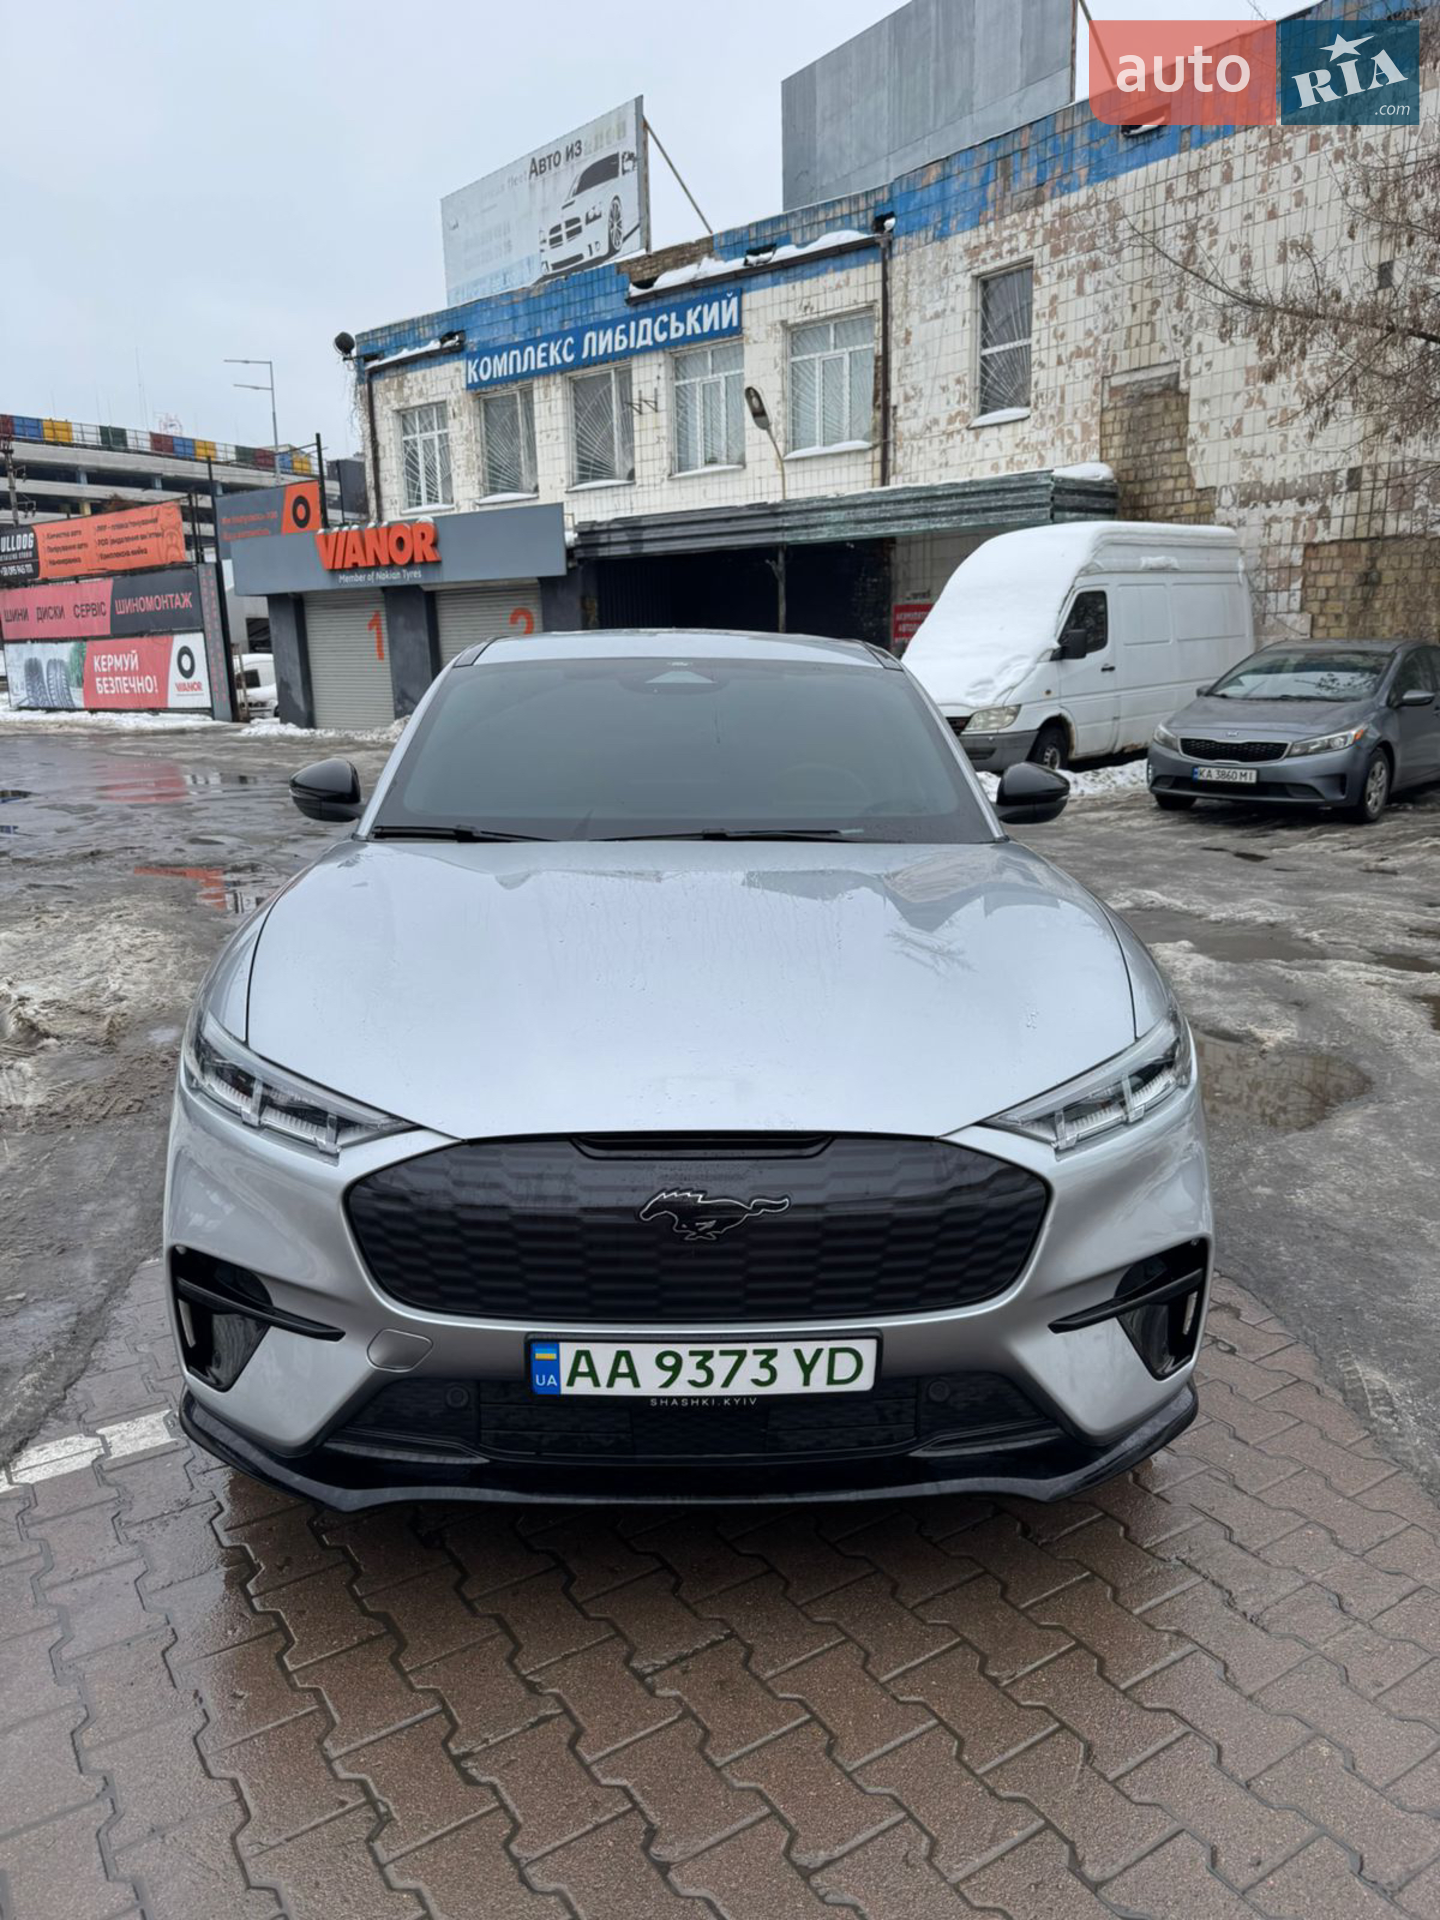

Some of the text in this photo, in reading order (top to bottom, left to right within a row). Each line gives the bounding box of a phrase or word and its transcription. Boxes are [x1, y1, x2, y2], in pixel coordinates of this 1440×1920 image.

[466, 292, 739, 385] КОМПЛЕКС ЛИБІДСЬКИЙ
[1, 532, 34, 553] ULLDOG
[314, 522, 442, 570] VIANOR
[338, 569, 422, 583] Member of Nokian Tyres
[4, 601, 107, 623] ШИНИ ДИСКИ СЕРВІС
[114, 592, 193, 615] ШИНОМОНТАЖ
[367, 610, 384, 661] 1
[93, 650, 139, 673] КЕРМУЙ
[95, 675, 159, 695] БЕЗПЕЧНО!
[566, 1346, 864, 1389] AA 9373 YD
[535, 1374, 558, 1387] UA

━━━━━━━━━━━━━━━━━━━━

» **WHAT IS EXPECTED**: Transcribe all of the entries word for word, but skip any pictures they contain.

» **RESULT**:
Some of the text in this photo, in reading order (top to bottom, left to right within a row). Each line gives the bounding box of a phrase or word and its transcription. Boxes are [x1, y1, x2, y2], in pixel coordinates of this 1440×1920 image.

[466, 292, 739, 385] КОМПЛЕКС ЛИБІДСЬКИЙ
[1, 532, 34, 553] ULLDOG
[314, 522, 442, 570] VIANOR
[338, 569, 422, 583] Member of Nokian Tyres
[4, 601, 107, 623] ШИНИ ДИСКИ СЕРВІС
[114, 592, 193, 615] ШИНОМОНТАЖ
[367, 610, 384, 661] 1
[93, 650, 139, 673] КЕРМУЙ
[95, 675, 159, 695] БЕЗПЕЧНО!
[566, 1346, 864, 1389] AA 9373 YD
[535, 1374, 558, 1387] UA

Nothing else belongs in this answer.